Sur le plan opérationnel, le respect se manifeste lorsque l’ego cesse de projeter ses jugements, ses attentes ou ses désirs sur l’autre et se limite à voir ce qui est, sans tentative de domination, de séduction, de soumission ou de correction psychologique. Il ne procède pas d’un code appris ni d’une obligation sociale, mais d’une compréhension instantanée des limites réelles, des fonctions et des positions vibratoires en présence.
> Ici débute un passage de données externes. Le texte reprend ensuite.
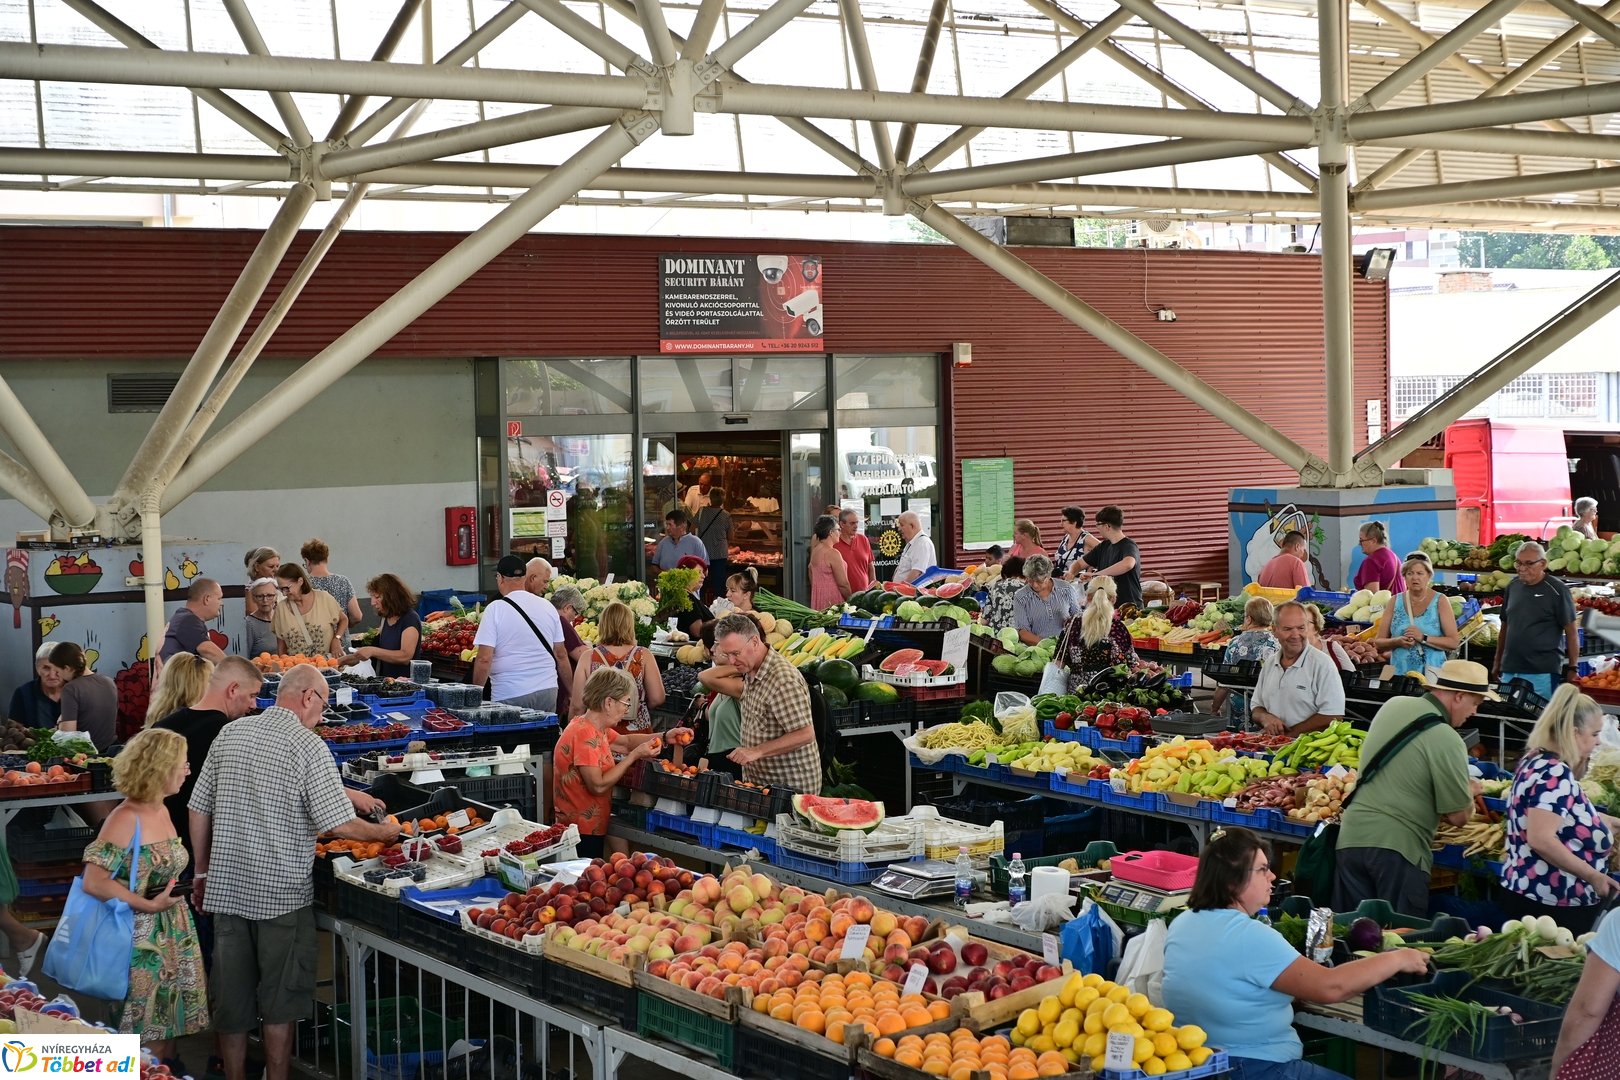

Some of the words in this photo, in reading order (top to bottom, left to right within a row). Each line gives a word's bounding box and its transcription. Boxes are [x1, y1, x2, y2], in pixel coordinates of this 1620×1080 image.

[665, 258, 745, 274] DOMINANT
[664, 277, 708, 287] SECURITY
[710, 275, 745, 287] BÁRÁNY
[664, 293, 739, 301] KAMERARENDSZERREL,
[664, 301, 698, 309] KIVONULÓ
[699, 301, 760, 309] AKCIÓCSOPORTTAL
[665, 309, 674, 317] ÉS
[674, 309, 695, 317] VIDEÓ
[696, 309, 764, 317] PORTASZOLGÁLATTAL
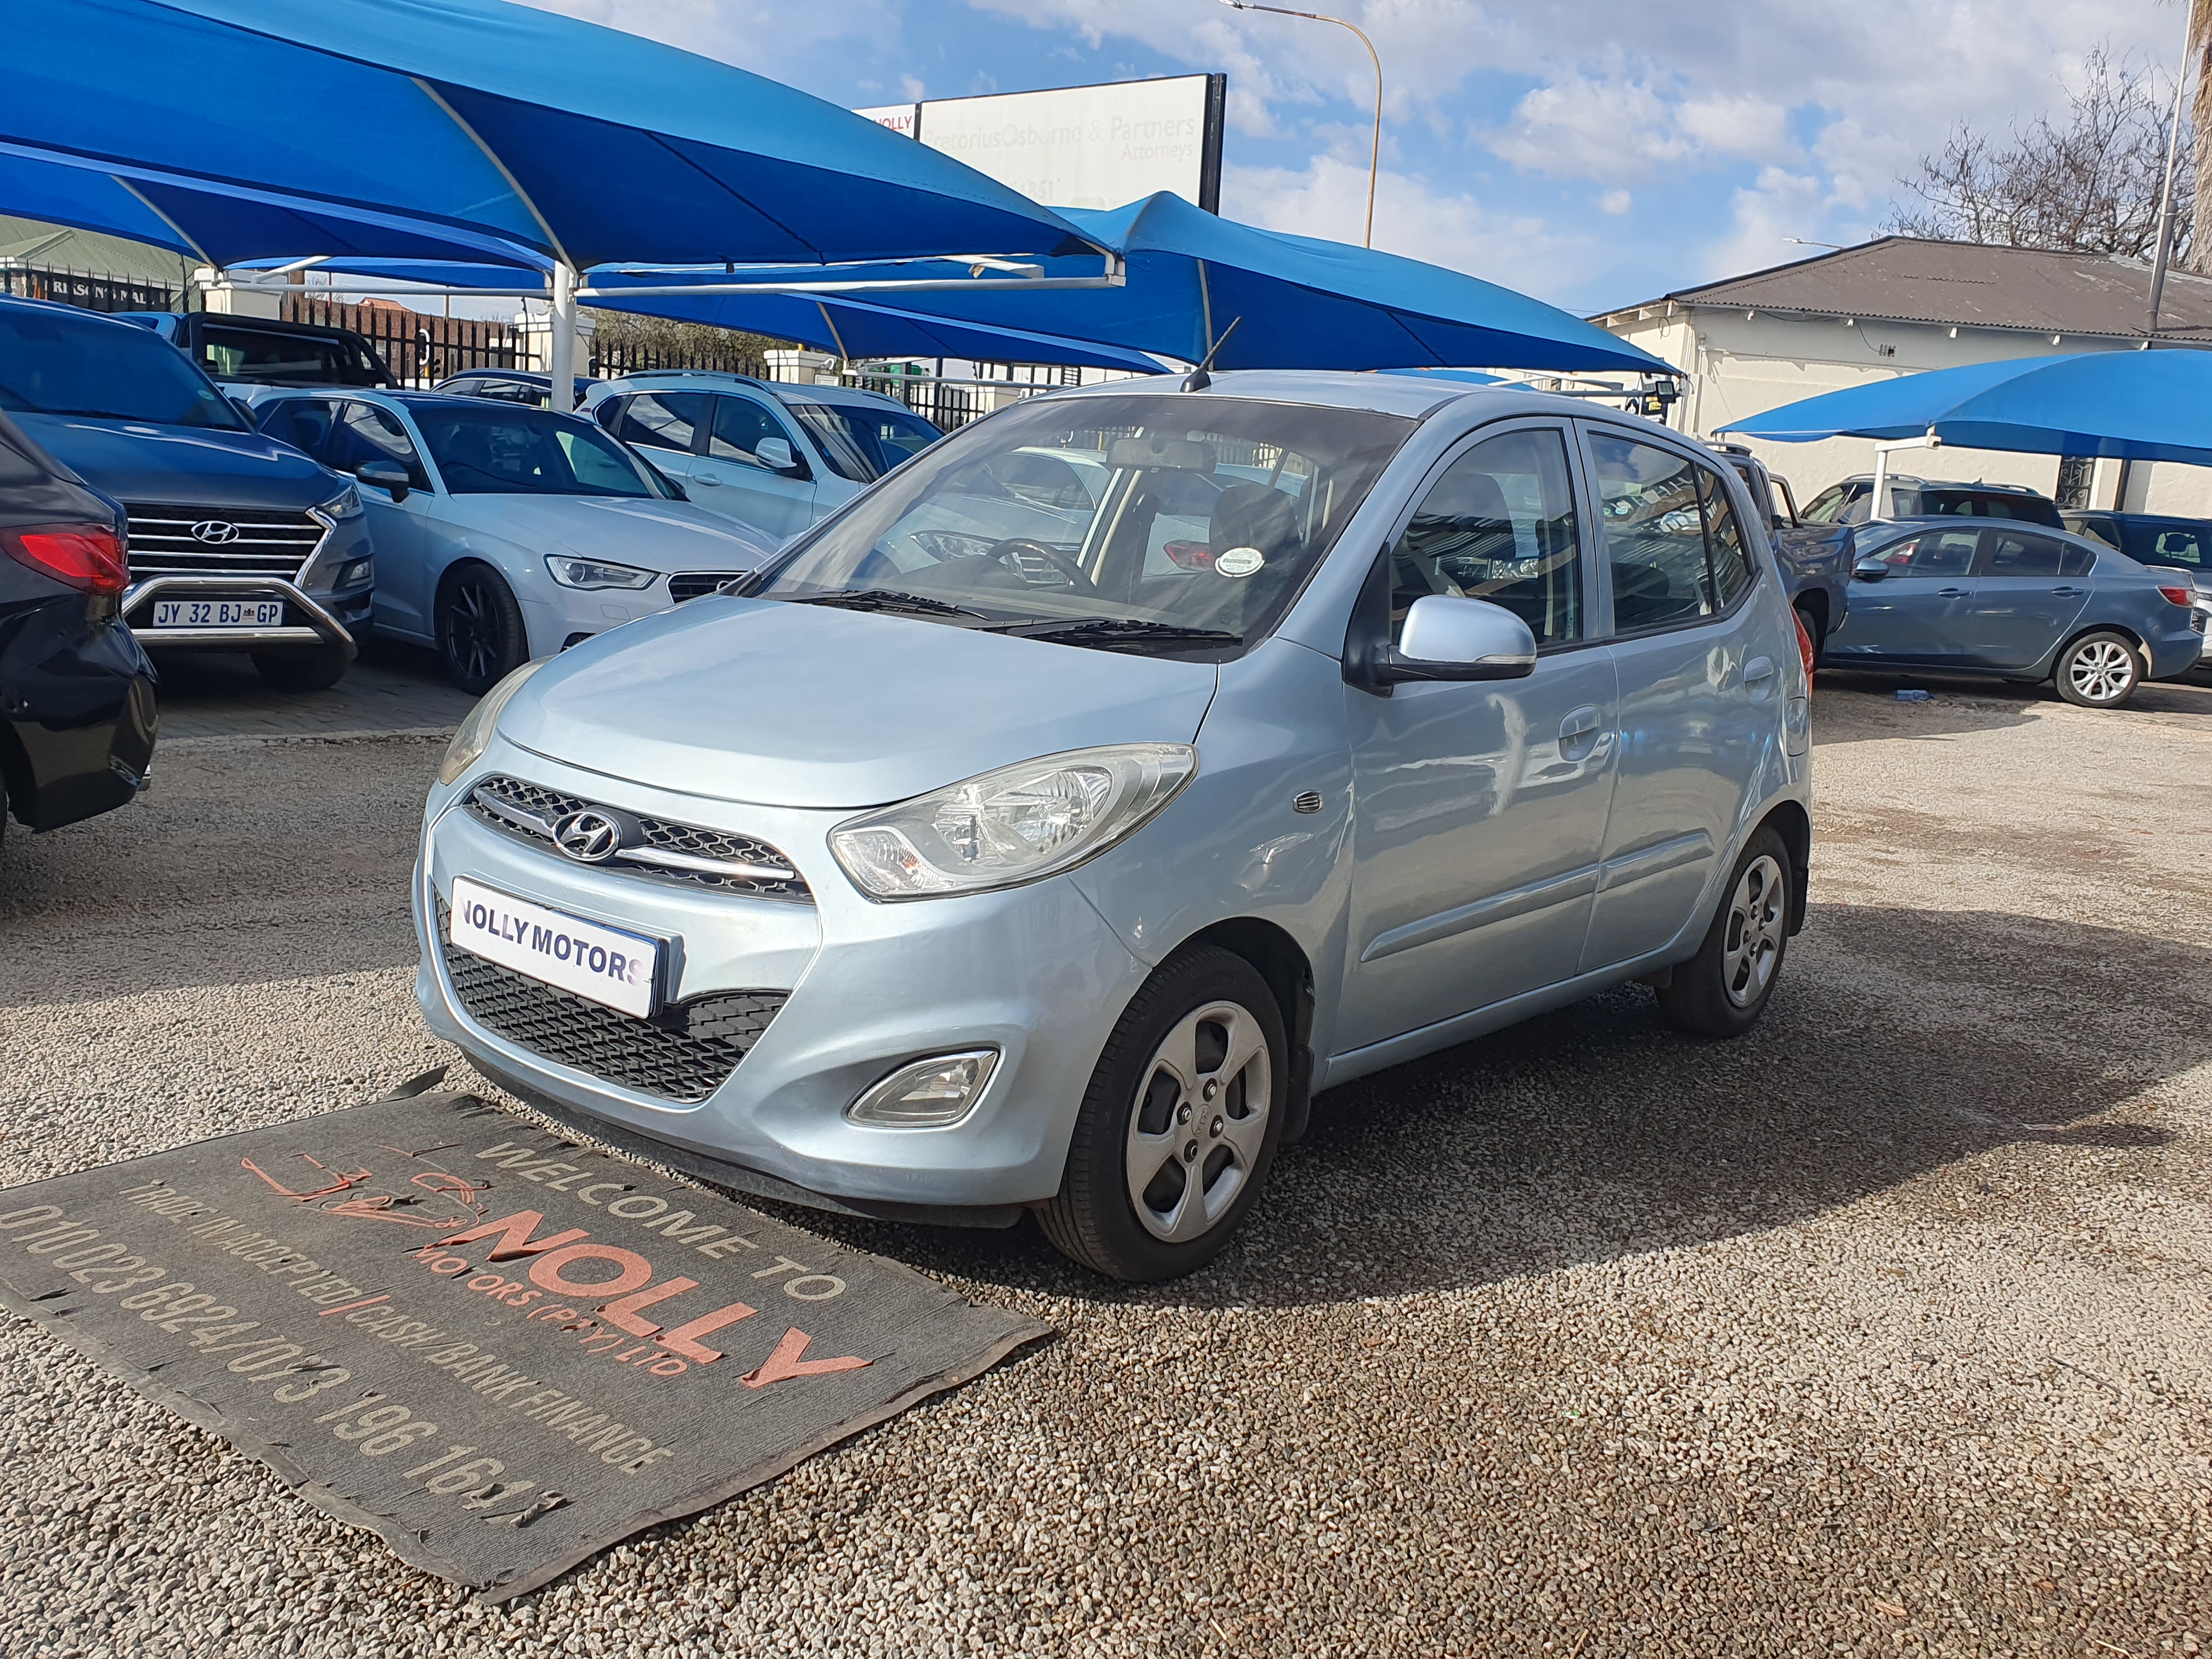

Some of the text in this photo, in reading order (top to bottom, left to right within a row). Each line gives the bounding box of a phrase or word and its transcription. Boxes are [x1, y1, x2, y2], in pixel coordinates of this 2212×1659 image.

[1088, 118, 1103, 142] &
[1110, 116, 1195, 141] Partners
[1121, 143, 1193, 162] Attorneys
[120, 290, 156, 305] MAL
[159, 603, 278, 623] JY 32 BJ GP
[532, 924, 644, 986] MOTORS
[1194, 1107, 1210, 1135] KIA
[475, 1142, 847, 1300] WELCOME TO
[425, 1209, 873, 1389] NOLLY
[119, 1179, 219, 1224] TRADE
[186, 1216, 246, 1239] IN
[510, 1388, 675, 1475] FINANCE
[614, 1345, 688, 1375] LTD
[314, 1391, 438, 1457] 196
Tant que l’ego fonctionne à partir de l’âme et de l’astral, le respect demeure conditionnel, mêlé d’intérêt, de crainte ou d’idéalisation ; lorsqu’il est établi dans l’esprit, il devient neutre, précis, sans affect ni justification.
Fonctionnellement, parler de respect revient à décrire une posture intérieure de justesse relationnelle. Il marque la capacité de l’homme à interagir sans empiètement, sans manipulation et sans réaction émotive, en laissant chaque être dans son champ propre tout en agissant avec clarté et sobriété.